Anyone observes the trends of the time who without blinders on regarding Muslim immigration and infiltration and leftist politics in our country must recognize that simply a vacuum here is being filled that we ourselves have created. This is an inconvenient fact that nobody wants to hear, but that we must pose to ourselves. Even Nature abhors vacuum, the gardner knows that because otherwise he wouldn’t constantly have to be pulling out weeds in order to keep the ground clear, and anyone who has understood the principles of osmosis knows this as well.
When referring to islamization and leftist decadent currents, not only is the demographic vacuum of the authochtonic German population meant here, but the spiritual vacuum that we as Christians have produced. Outer signs of this are: The churches are becoming more and more empty on Sundays (and workdays anyway); holidays that the churches have given to the people are being used for extremely late sleeping, short trips, sports and other free-time activities instead of serving their core idea of intellectual and spiritual edification, of inner reflection and spiritual strengthening in the remembrance of God. Vacation destinations are being relocated to Muslim countries that one as a Christian ought to avoid out of solidarity with the fellow believers being persecuted there instead of enriching the national economies there with good money. Christian holidays are being secularized and watered down by Christians themselves, by degrading them into drinking and eating orgies, and striking ignorance regarding the meaning of the holiday is the rule.
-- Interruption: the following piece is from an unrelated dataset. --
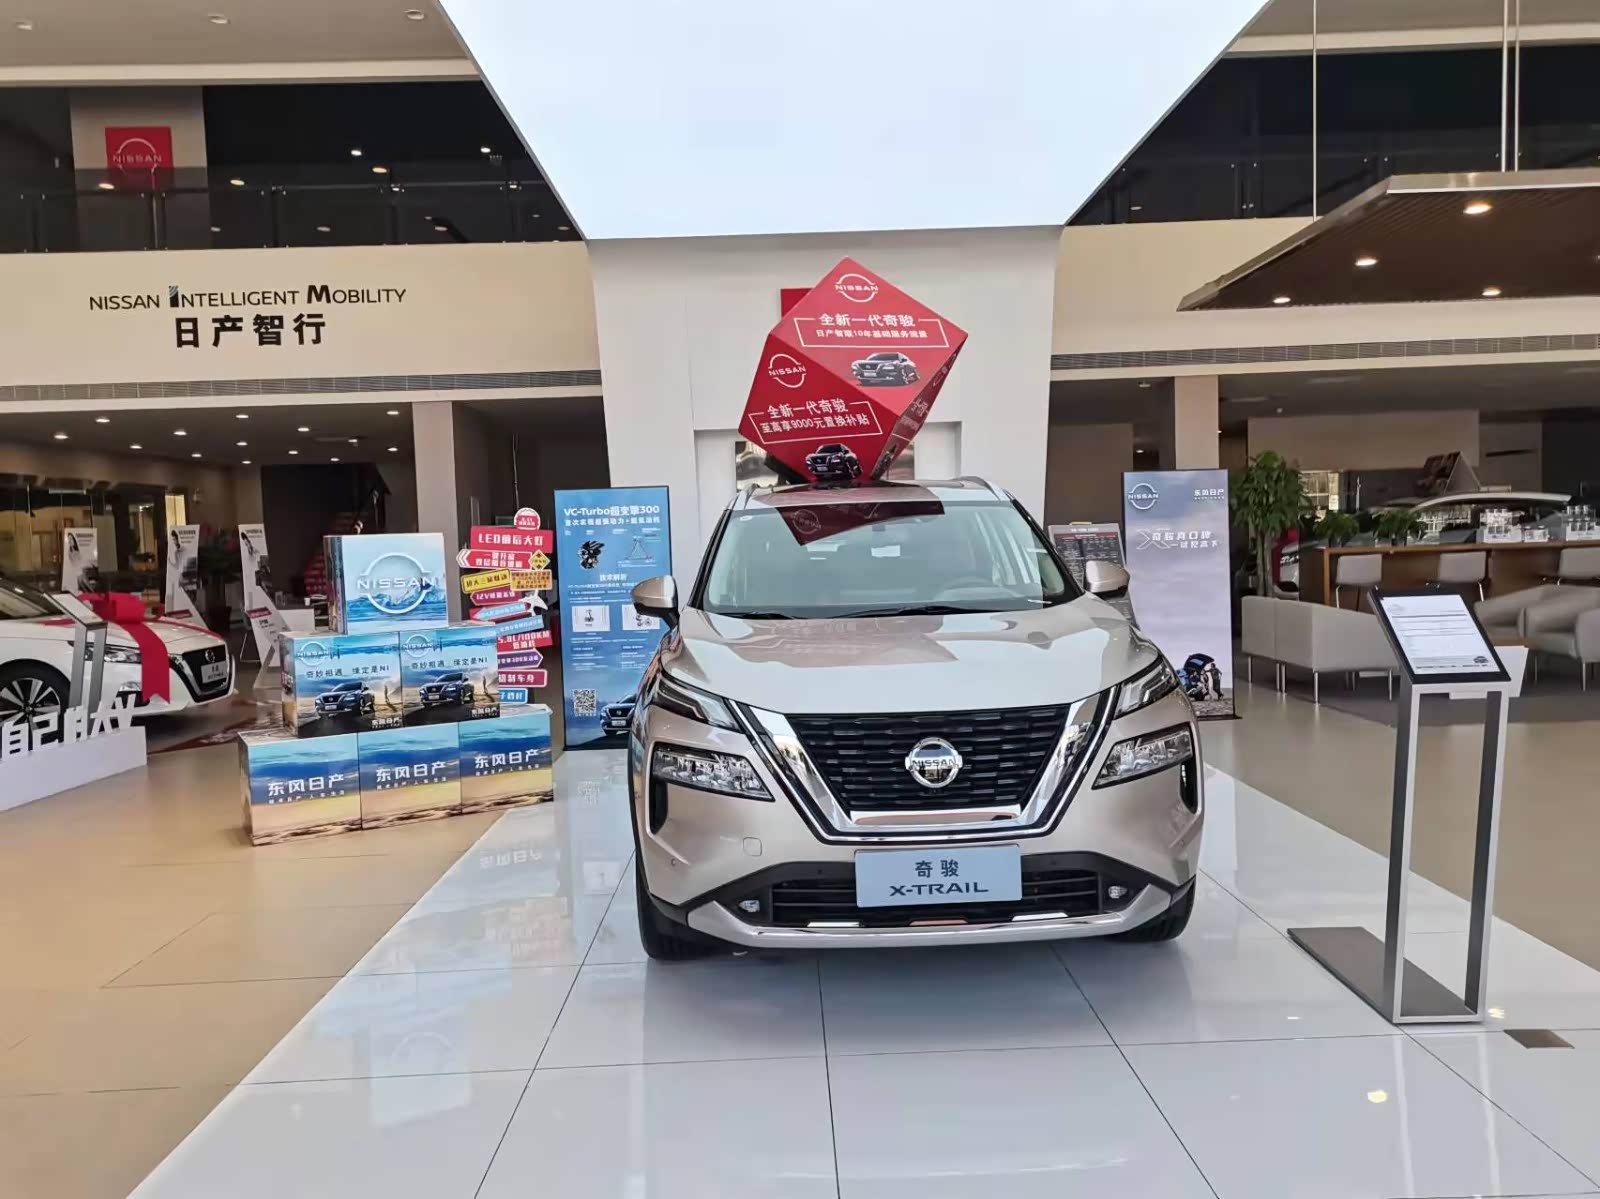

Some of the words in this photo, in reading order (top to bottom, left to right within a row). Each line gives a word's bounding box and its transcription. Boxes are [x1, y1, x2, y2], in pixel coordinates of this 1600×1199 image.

The tragic-comical results of the regularly held surveys in Germany’s bustling shopping zones before the high holidays give an eloquent witness of the condition of pure knowledge regarding these things; one is now either religious or also simply just very generally educated. To mention a current example, hardly anybody can clearly distinguish between Advent and Christmas anymore, instead certain silly commercial figures like Santas and Easter bunnies are ever-present in the public arena. “Christmas symbols” are already in supermarkets beginning in September in the commercialization of this Christian holiday; a lethargy of habit has long since spread like a shroud over the country. Revealing terms like, for example, “pre-Christmastime” instead of Advent (from Latin adventus = coming) reflect a far reaching ignorance of the elementary spiritual-theological substance of our own Christian roots, the Spekulatius (cookies) in September are simply an external outgrowth of this deep-lying disconnectedness. The list of examples could go on without end.
And just as little the amount of fundamental social core competencies that are being required by the education system – one thinks of the unspeakable discussions about the institution of top notes –, so the churches are also demanding absolutely less of their believers under the deceptive assumption that they will only further irritate them otherwise, for which most certainly the opposite would be the case. Clear lines, points of orientation, are lacking; but what does one expect, when in the churches all over, Christmas oratorios are being performed already on 1st Advent? The problem of the clear addresses and the boundaries affects content as well as practice. That which is branded clearly as sin and damaging for the soul in the contents of the Bible is being silently ironed out theologically just in order not to walk on anyone’s toes. Such is the way the leftist subversion of Christian teaching and virtues has functioned for decades, being accompanied with most profound insecurities on the part of the believers all the way to avoiding that a church be able to take a substantially clear stand and therefore not be able to be relevant as a guideline for one’s life. The tragic drama surrounding Bishop Tebartz van Elst gives eloquent witness of this; he stood against homo blessings, and now he is starting to feel that very club from a totally different side that is known always to lie with the proverbial dog. Nobody standing with both legs in the church seriously leaves the church because of a bishop; he is much more like a leaf long dead that the storm of the days sweeps away from the tree. And many of these dead leaves are seemingly still hanging onto the church tree, and they also will still fall, each one because of his own little gust of wind.
Islam is totally different here. It makes demands on its followers, the ultima ratio resonates in almost every Sura; nothing is watered down, relativized, thinned out, or glossed over socially. This is its strength, and it strikes our weakness. Islam fills this vacuum, is a clear simple guideline for simple minds, gives the feeling of security and strength in a large society. In the end effect it can’t be politically repressed for long because that would be a purely external blemish, rather only out of an internal, cultural and spiritual strength. We must ask ourselves the uncomfortable question: Where is this strength? Where is the intellectual and spiritual energy, and from where do we get it in the future? With self-mutilation discussions about celibacy, yes or no; about building projects worth millions by bishops, certainly not splitting hairs about such discussions. No less than the future of the coming generations is at play, and with it, the future of our Christian-Western culture.